3.1 Heidegger as Author

Martin Heidegger (1889–1976), a central figure in 20th-century phenomenology and existential thought, composed The Basic Problems of Phenomenology as a university lecture course rather than as a book intended for publication. It reflects his Marburg period, during which he was developing his distinctive account of Dasein, Being-in-the-world, and temporality.

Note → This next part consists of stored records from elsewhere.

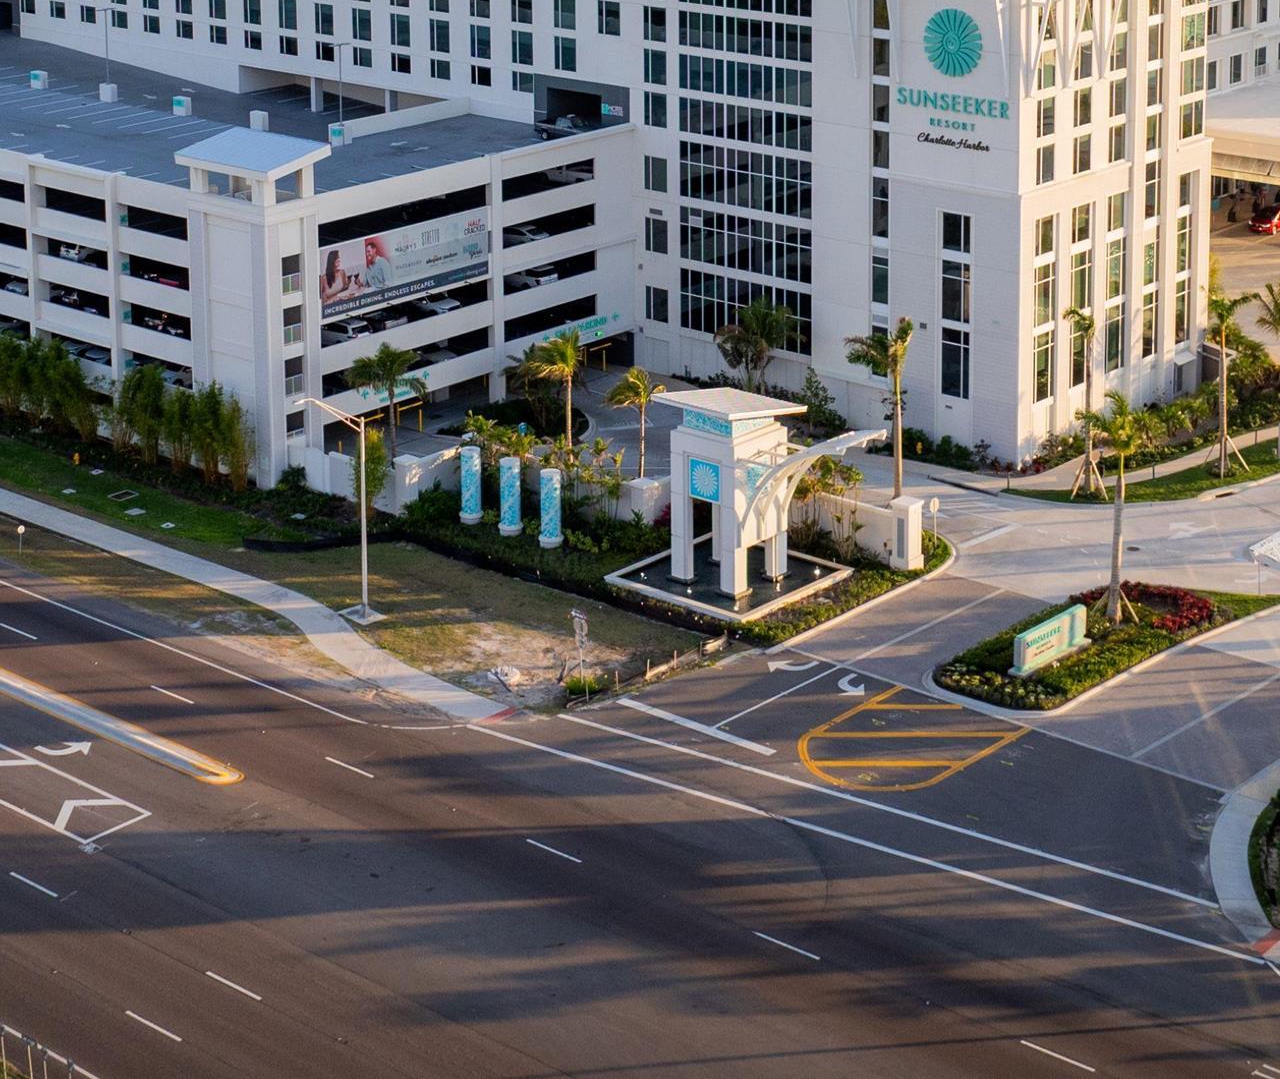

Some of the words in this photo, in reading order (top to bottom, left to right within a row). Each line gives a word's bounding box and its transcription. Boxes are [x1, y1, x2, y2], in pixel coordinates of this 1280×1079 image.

[896, 86, 1010, 120] SUNSEEKER
[929, 117, 976, 132] RESORT
[917, 132, 955, 148] Charlotte
[955, 137, 990, 152] Harbor
[324, 300, 360, 315] INCREDIBLE
[360, 294, 383, 307] DINING.
[384, 286, 410, 299] ENDLESS
[410, 279, 436, 293] ESCAPES.

3.2 Composition of the 1927 Lecture Course

The course was prepared for the Marburg summer semester of 1927. Heidegger drafted extensive lecture manuscripts and working notes, which he used in class alongside extemporaneous elaborations. Students produced stenographic and expanded notes, several of which circulated privately. Scholars generally agree that the course was conceived as a deepening of arguments contemporaneous with Being and Time.

3.3 Reconstruction and Publication History

Heidegger did not publish the lectures during his lifetime, though he authorized their inclusion in his Gesamtausgabe (Complete Edition). The text was reconstructed for GA 24 (1975) under editor Friedrich-Wilhelm von Herrmann, primarily from Heidegger’s manuscripts, supplemented by student notes where necessary.

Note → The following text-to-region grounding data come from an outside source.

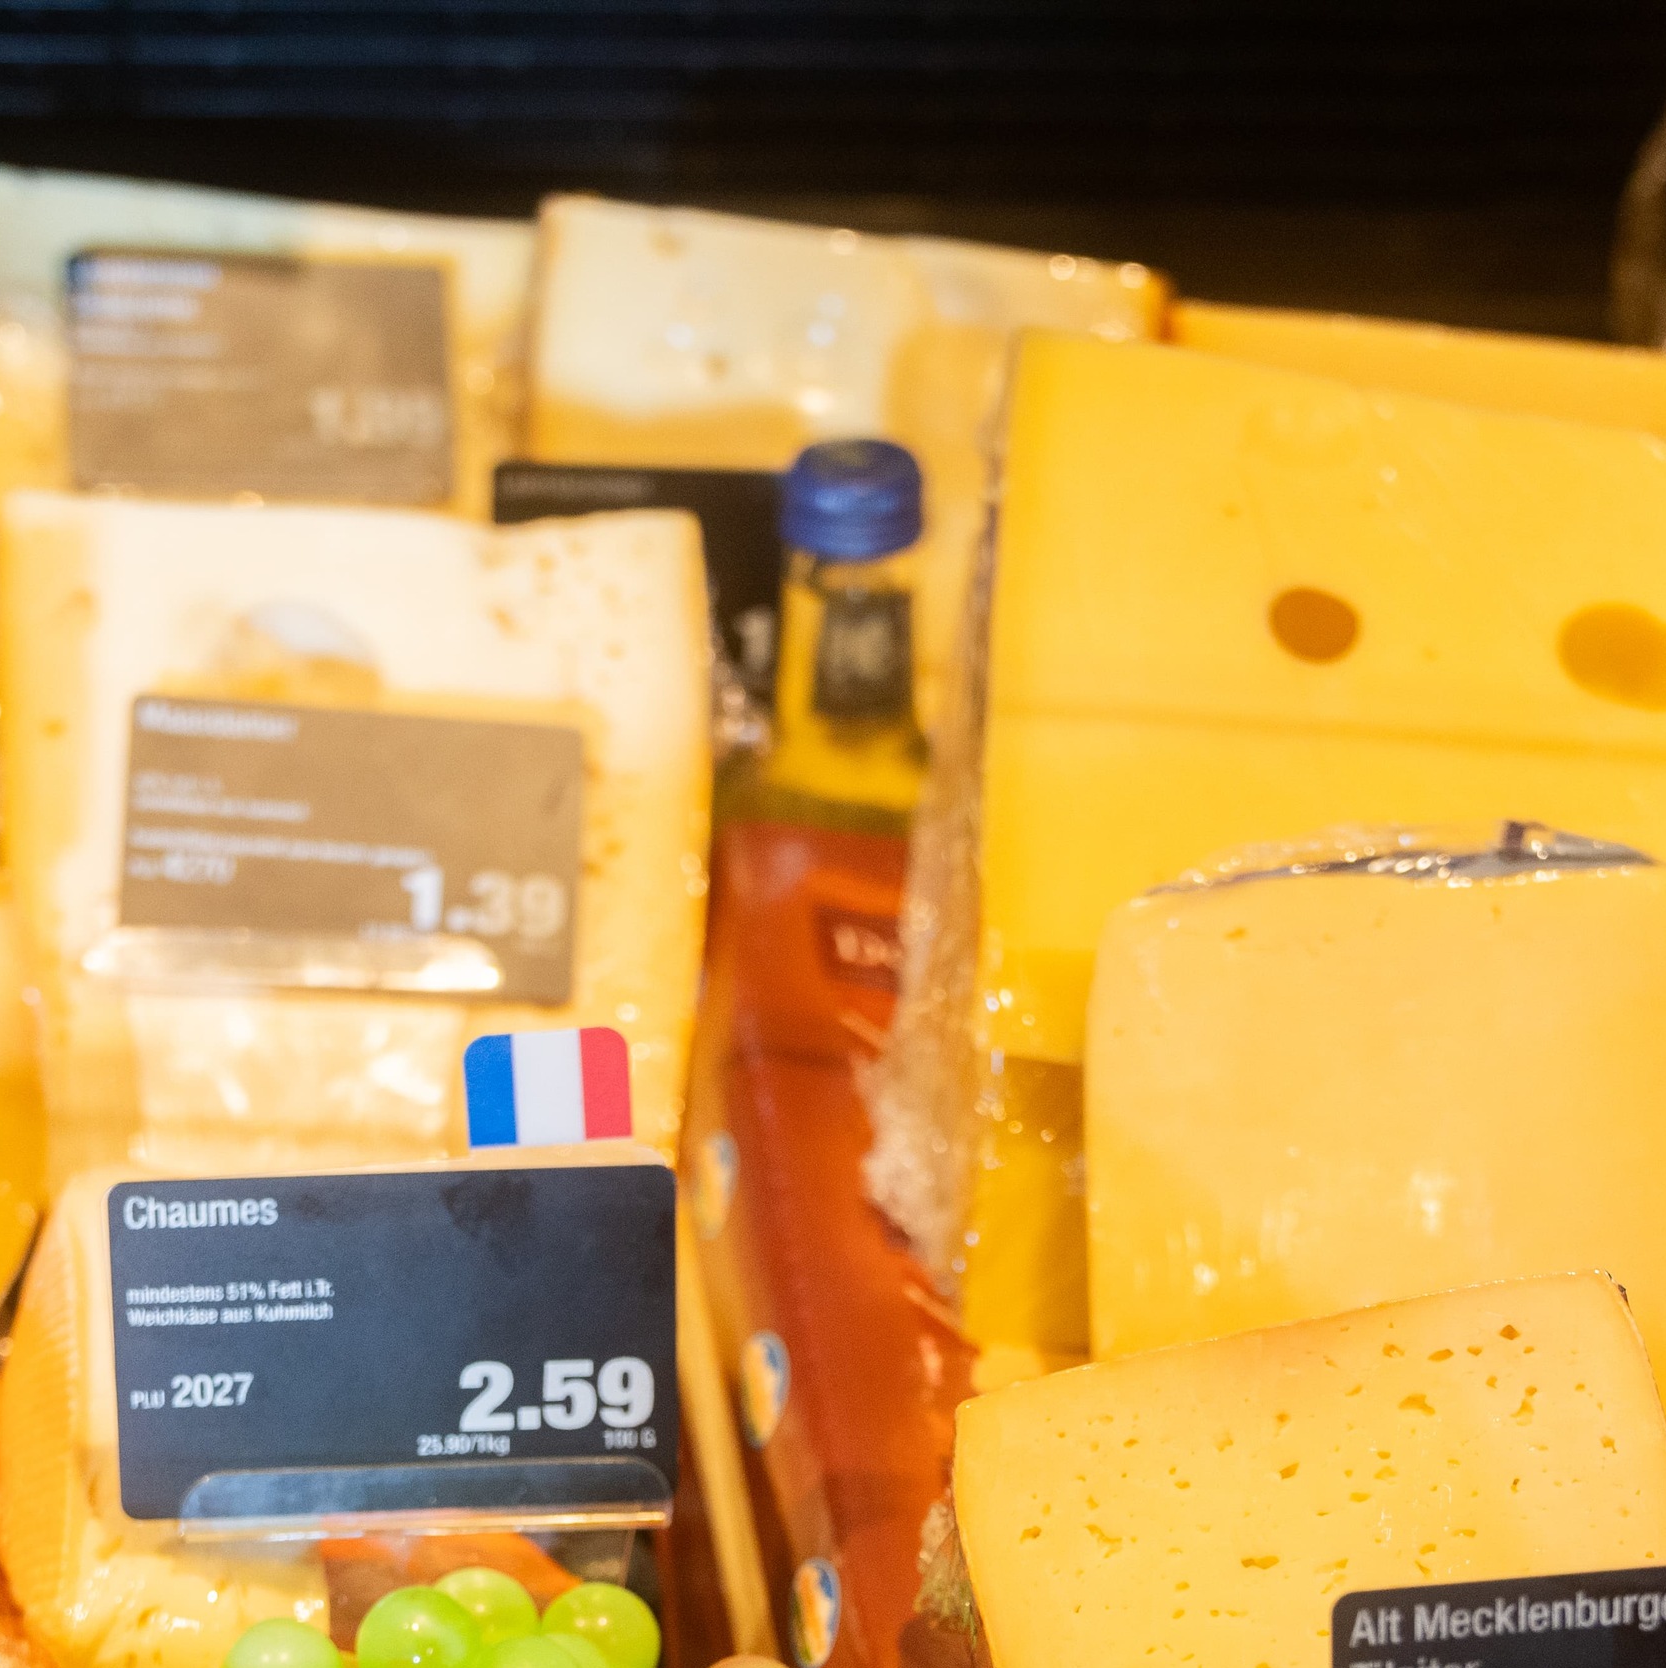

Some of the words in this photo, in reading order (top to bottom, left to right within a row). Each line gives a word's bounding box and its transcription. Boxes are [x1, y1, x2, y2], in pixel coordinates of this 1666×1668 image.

[400, 864, 567, 938] 1.39
[123, 1195, 278, 1229] Chaumes
[127, 1283, 223, 1305] mindestens
[268, 1279, 302, 1300] Fett
[127, 1305, 217, 1327] Weichkäse
[220, 1304, 252, 1324] aus
[254, 1301, 334, 1323] Kuhmilch
[130, 1389, 165, 1409] PLU
[171, 1373, 254, 1408] 2027
[459, 1356, 655, 1432] 2.59
[416, 1431, 511, 1457] 25.90/1kg
[603, 1430, 637, 1450] 100
[640, 1429, 657, 1449] G
[1349, 1608, 1403, 1648] Alt

StageApproximate DateFeatures
Delivery at Marburg1927Oral presentation based on Heidegger’s manuscripts
Editorial reconstruction1975GA 24 critical edition, combining manuscripts and student notes
First complete English translation1982Albert Hofstadter, Indiana University Press

Some commentators discuss the reliability of GA 24, noting minor discrepancies between the edited text and surviving student transcripts, but there is broad consensus that the volume faithfully represents Heidegger’s intentions for the course.

4. Structure and Organization of the Lecture Course

The lecture course is organized systematically around what Heidegger calls the “basic problems” of phenomenology, which he treats as problems of fundamental ontology rather than as issues of method alone.

4.1 Overall Architectonic

While different editions and translations segment the material slightly differently, the teaching plan follows four major lines of inquiry:

Part (schematic)Main Focus
Part OneThe task of ontology and the clarification of phenomenology as its method
Part TwoThe existential-ontological analysis of Dasein, intentionality, and worldhood
Part ThreeThe explication of temporality as the horizon for understanding Being
Part FourThe “phenomenological destruction” of the history of ontology (Aristotle, Descartes, Kant)

4.2 Progression of Topics

The course moves from methodological clarification to increasingly concrete ontological analyses:

  1. It begins with the question of Being, the ontological difference, and the need to start from Dasein.
  2. It then examines comportment, transcendence, and the worldliness of the world, reinterpreting Husserlian intentionality.
  3. The final sections develop a theory of original temporality and relate it to classical metaphysical treatments of time and Being.

This progression is often interpreted as moving from formal problem-setting to a phenomenological “destruction” of tradition, but some scholars emphasize that the historical analyses are structurally integrated rather than merely appended historical studies.

5. Central Arguments and Key Concepts

5.1 The Question of Being and the Ontological Difference

Heidegger argues that philosophy’s basic task is to clarify the meaning of Being and to recover the ontological difference between Being (Sein) and beings (Seiendes). Western metaphysics, he claims, has frequently treated Being as if it were a highest being or property, thereby obscuring the distinct question of what it means for something to be.

“The first and last and only theme of philosophy is the question of Being.”

— Heidegger, The Basic Problems of Phenomenology (paraphrased theme)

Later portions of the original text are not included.